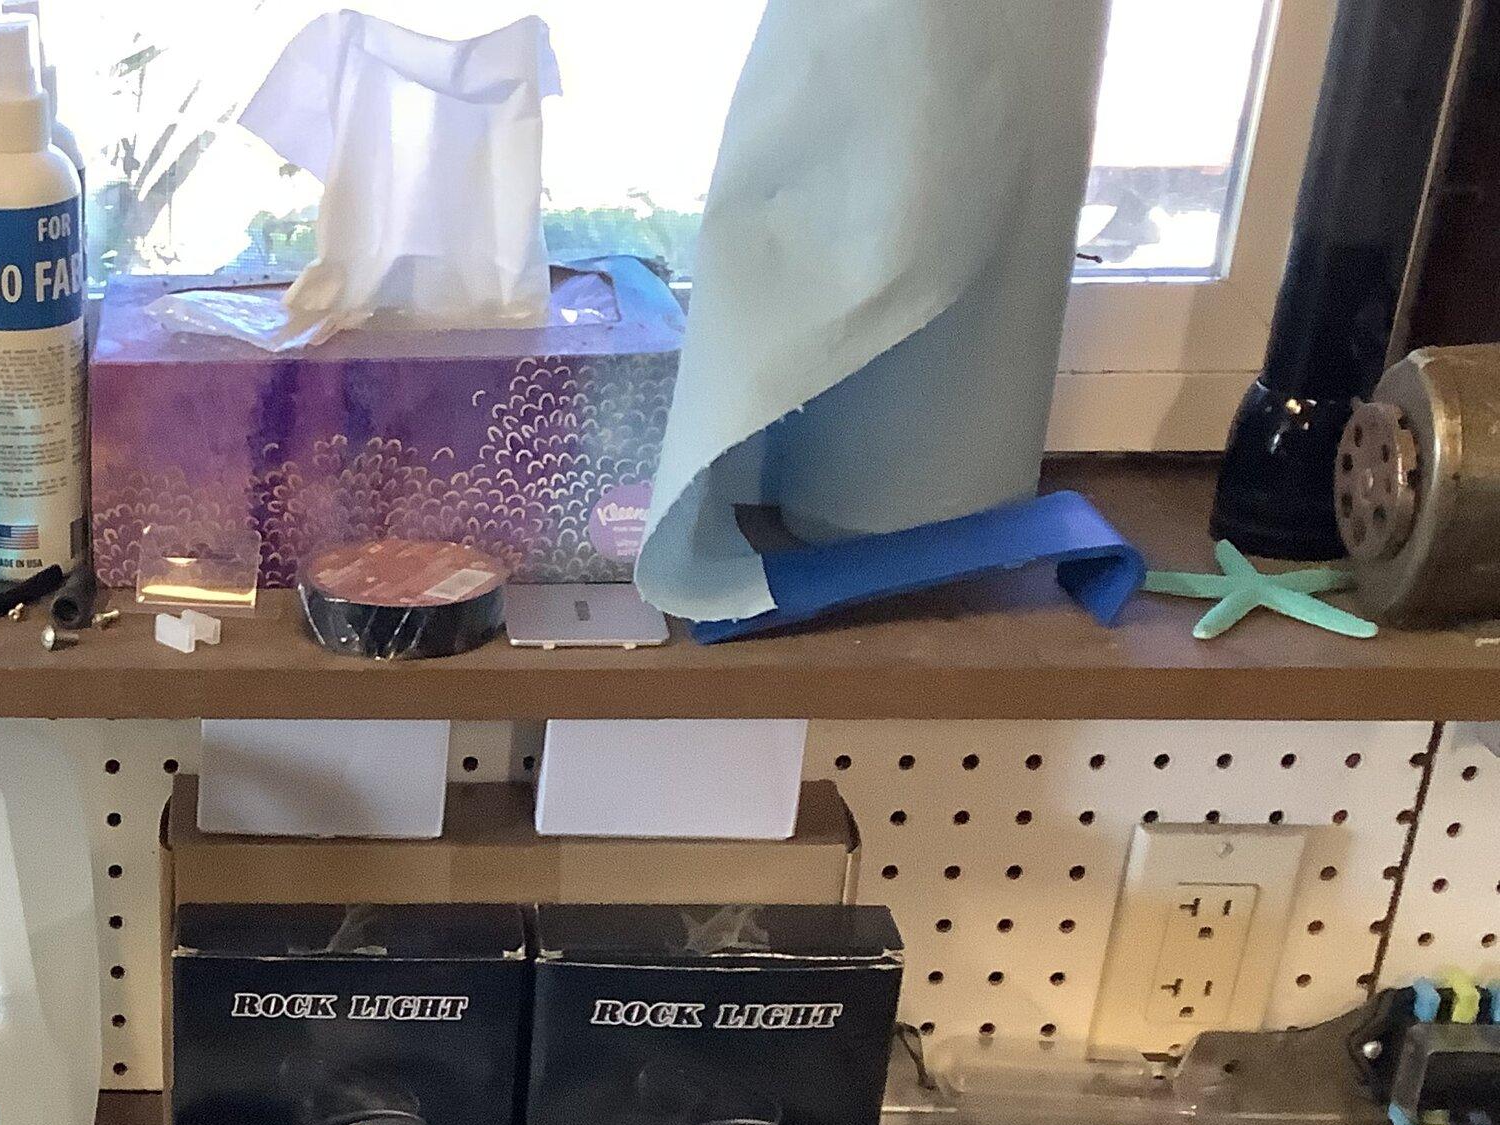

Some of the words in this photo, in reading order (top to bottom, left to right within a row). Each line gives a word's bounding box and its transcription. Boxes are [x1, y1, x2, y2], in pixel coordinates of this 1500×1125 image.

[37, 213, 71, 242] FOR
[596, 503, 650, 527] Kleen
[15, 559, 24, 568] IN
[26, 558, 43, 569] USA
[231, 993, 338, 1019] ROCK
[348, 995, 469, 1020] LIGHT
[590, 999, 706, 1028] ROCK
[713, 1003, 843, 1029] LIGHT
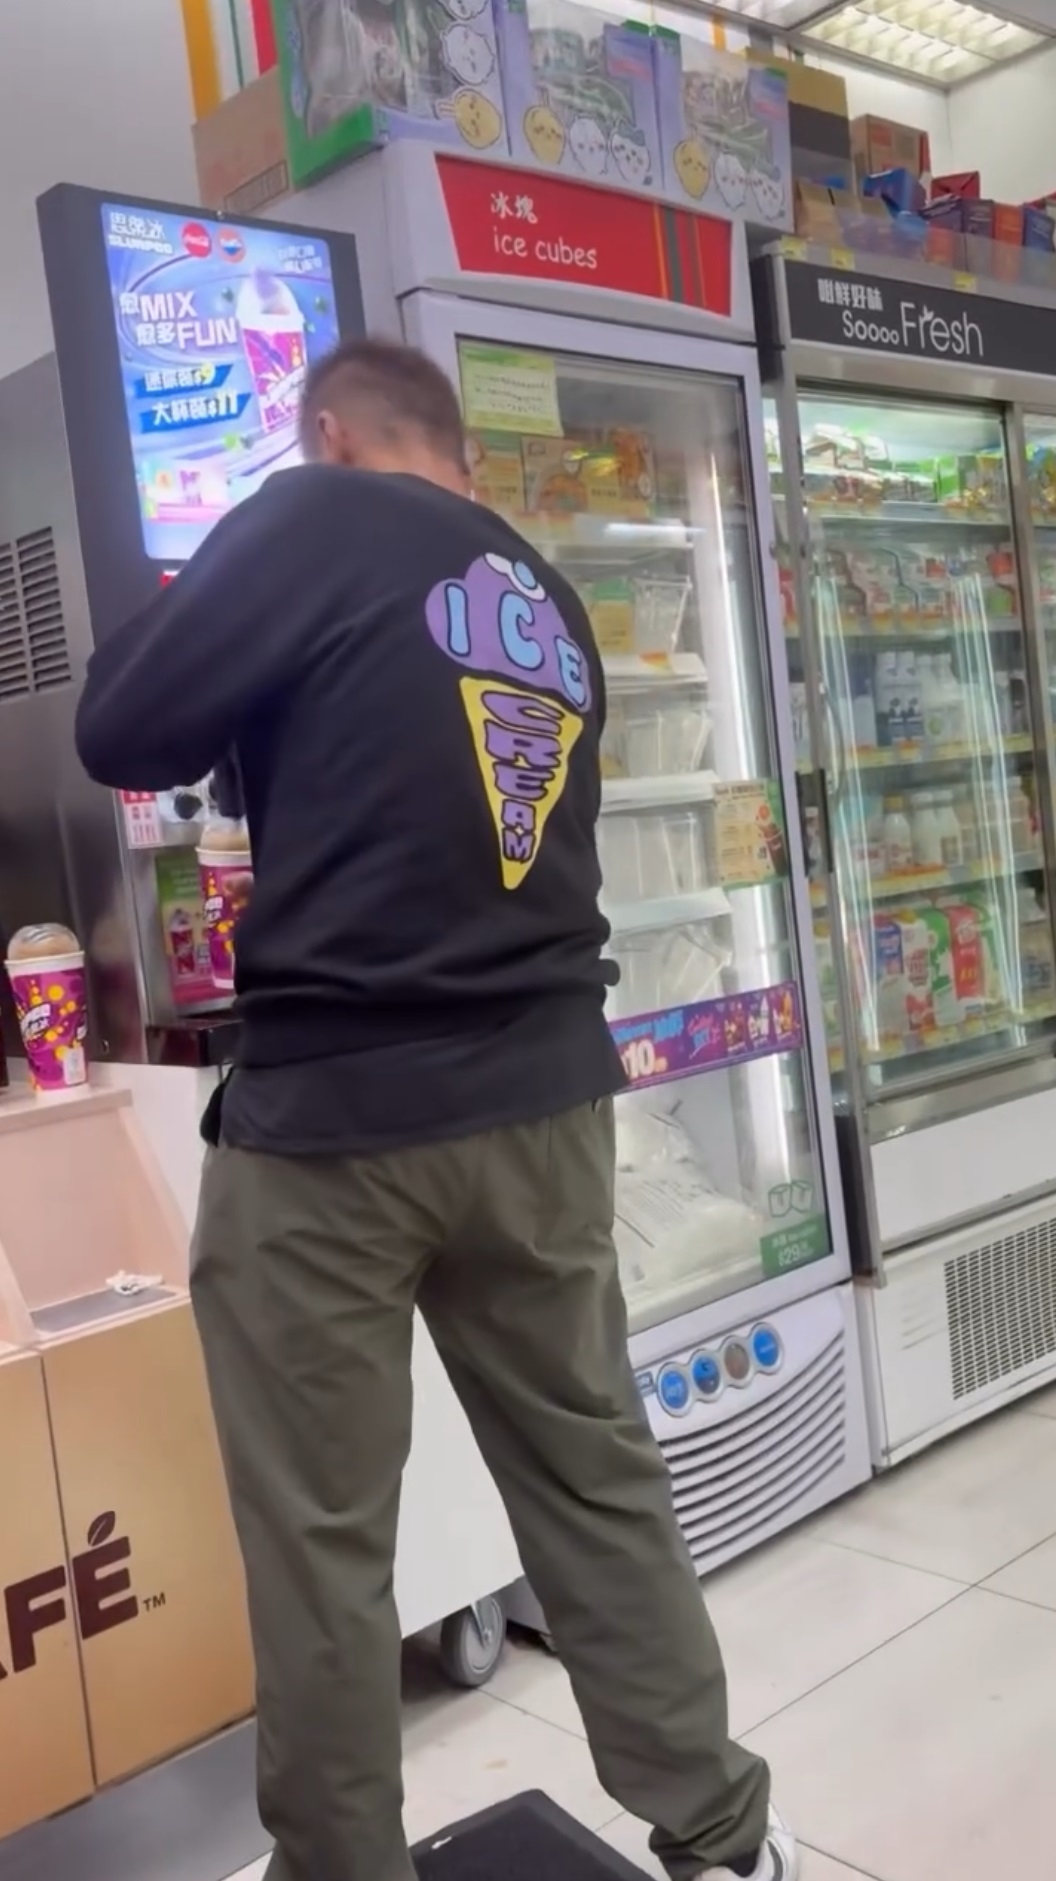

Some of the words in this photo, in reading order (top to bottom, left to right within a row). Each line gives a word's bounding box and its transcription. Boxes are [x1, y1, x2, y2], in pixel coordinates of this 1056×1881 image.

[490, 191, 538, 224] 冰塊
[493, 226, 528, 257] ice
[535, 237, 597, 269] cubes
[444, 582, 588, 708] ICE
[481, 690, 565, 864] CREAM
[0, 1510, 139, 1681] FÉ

ACTIVITY:
All lines from the line containing "this 1056×1881 image." through the last line of the data are to be repeated exactly; no other line belongs in the answer.

REPLY TO THE TASK:
Some of the words in this photo, in reading order (top to bottom, left to right within a row). Each line gives a word's bounding box and its transcription. Boxes are [x1, y1, x2, y2], in pixel coordinates of this 1056×1881 image.

[490, 191, 538, 224] 冰塊
[493, 226, 528, 257] ice
[535, 237, 597, 269] cubes
[444, 582, 588, 708] ICE
[481, 690, 565, 864] CREAM
[0, 1510, 139, 1681] FÉ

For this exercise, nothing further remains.